Eastman interview raises eyebrows
Key players: Former Trump lawyer John Eastman, Fox News host Laura Ingraham
One of the alleged architects of the plan for Vice President Mike Pence to send the Electoral College votes in key battlegrounds back to the states and potentially overturn the results of the 2020 presidential election, Eastman sat for a Wednesday night interview with Fox News’ Ingraham, the Independent reported.
“What I recommended, and I’ve said this repeatedly, is that he accede to requests from more than 100 state legislators in the swing states, to give them a week to try and sort out the impact of what everybody acknowledged was illegality in the conduct of the election,” Eastman told Ingraham about his advice to Pence.
For many legal experts, Eastman’s remarks were an extraordinary miscalculation. “He literally just confessed to the crime,” attorney Bradley P. Moss wrote on X.
Eastman has been charged with nine felony counts in Fulton County.

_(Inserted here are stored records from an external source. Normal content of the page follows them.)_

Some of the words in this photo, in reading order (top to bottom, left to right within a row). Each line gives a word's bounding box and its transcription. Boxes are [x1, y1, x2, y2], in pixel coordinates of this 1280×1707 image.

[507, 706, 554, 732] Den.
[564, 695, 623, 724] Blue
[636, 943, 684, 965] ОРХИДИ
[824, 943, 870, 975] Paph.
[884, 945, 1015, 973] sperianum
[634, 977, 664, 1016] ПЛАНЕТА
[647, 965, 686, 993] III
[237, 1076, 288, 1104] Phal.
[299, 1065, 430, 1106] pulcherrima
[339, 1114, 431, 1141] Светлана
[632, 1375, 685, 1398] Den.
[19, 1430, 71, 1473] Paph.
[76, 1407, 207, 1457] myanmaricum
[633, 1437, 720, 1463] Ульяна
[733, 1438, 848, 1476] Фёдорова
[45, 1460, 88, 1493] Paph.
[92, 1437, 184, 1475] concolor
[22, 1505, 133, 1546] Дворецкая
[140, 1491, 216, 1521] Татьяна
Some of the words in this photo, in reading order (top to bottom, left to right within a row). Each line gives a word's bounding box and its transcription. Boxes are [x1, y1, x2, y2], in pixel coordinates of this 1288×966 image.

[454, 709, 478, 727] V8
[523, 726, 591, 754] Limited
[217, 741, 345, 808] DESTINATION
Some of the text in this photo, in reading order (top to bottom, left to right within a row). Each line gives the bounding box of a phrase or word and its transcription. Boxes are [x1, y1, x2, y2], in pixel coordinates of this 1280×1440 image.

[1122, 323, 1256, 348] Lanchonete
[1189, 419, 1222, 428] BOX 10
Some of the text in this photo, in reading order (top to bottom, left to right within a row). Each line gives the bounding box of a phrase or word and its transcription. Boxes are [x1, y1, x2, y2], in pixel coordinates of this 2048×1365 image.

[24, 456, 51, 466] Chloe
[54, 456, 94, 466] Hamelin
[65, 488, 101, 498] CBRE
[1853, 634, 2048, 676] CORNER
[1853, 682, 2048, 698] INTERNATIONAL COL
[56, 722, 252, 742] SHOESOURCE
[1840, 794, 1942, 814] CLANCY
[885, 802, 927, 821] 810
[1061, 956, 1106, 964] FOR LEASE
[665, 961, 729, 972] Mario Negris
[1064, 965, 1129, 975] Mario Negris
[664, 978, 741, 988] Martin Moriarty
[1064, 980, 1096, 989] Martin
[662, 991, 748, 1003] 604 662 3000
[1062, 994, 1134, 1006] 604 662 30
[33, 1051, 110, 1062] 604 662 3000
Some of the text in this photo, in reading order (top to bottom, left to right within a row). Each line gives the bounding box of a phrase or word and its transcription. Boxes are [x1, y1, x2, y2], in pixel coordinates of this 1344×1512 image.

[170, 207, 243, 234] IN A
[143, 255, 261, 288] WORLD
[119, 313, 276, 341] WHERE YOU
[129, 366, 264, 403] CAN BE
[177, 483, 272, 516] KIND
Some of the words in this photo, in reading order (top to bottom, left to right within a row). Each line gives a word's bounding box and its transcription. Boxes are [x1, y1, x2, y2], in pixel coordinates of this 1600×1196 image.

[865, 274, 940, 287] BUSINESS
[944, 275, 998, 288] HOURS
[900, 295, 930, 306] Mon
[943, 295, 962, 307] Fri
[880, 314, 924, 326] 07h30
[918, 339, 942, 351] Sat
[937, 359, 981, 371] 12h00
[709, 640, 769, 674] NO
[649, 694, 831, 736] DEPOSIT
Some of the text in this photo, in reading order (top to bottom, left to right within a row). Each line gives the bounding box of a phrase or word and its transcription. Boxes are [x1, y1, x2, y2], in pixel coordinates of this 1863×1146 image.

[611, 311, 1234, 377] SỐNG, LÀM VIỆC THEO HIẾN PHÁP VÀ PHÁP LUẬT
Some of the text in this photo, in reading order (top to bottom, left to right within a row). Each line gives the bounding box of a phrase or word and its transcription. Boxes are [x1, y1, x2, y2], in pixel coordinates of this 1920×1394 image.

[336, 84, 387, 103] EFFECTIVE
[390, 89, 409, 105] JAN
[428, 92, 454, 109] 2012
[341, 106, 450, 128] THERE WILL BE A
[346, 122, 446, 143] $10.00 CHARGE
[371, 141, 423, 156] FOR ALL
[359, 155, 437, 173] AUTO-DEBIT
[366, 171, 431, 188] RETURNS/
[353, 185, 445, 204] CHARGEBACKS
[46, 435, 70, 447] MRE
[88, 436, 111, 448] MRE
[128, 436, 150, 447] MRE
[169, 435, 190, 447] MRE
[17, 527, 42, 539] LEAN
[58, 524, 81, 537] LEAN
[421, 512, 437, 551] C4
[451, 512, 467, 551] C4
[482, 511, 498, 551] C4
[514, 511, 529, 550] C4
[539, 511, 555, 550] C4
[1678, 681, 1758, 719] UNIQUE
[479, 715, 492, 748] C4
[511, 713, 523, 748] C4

Why it matters: Last week, legal expert Matthew Seligman testified at Eastman’s California disbarment hearing that there was no legal justification for Pence to delay the certification of the election results, ABC News reported.
Jan. 6 election interference
Activists pressure state election officials to keep Trump off ballot using 14th Amendment
Key players: Michigan Secretary of State Jocelyn Benson, New Hampshire Secretary of State David Scanlan, Arizona Secretary of State Adrian Fontes, Harvard law professor Laurence Tribe, special counsel Jack Smith
Legal scholars and a growing number of Democratic activists contend that Trump’s efforts to overturn the 2020 presidential election — for which he has been criminally charged by Smith — disqualify him from running for reelection.
Via ABC News: Section 3 of the U.S. Constitution's 14th Amendment ... states that an elected official is not eligible to assume public office if that person "engaged in insurrection or rebellion against" the United States, or had "given aid or comfort to the enemies thereof," unless they are granted amnesty by a two-thirds vote of Congress.
Activists have filed lawsuits in Michigan, New Hampshire and Arizona to block Trump’s name from appearing on the ballot, and secretaries of state in Maine, Pennsylvania, Georgia and Nevada have begun having discussions in preparation for legal challenges there.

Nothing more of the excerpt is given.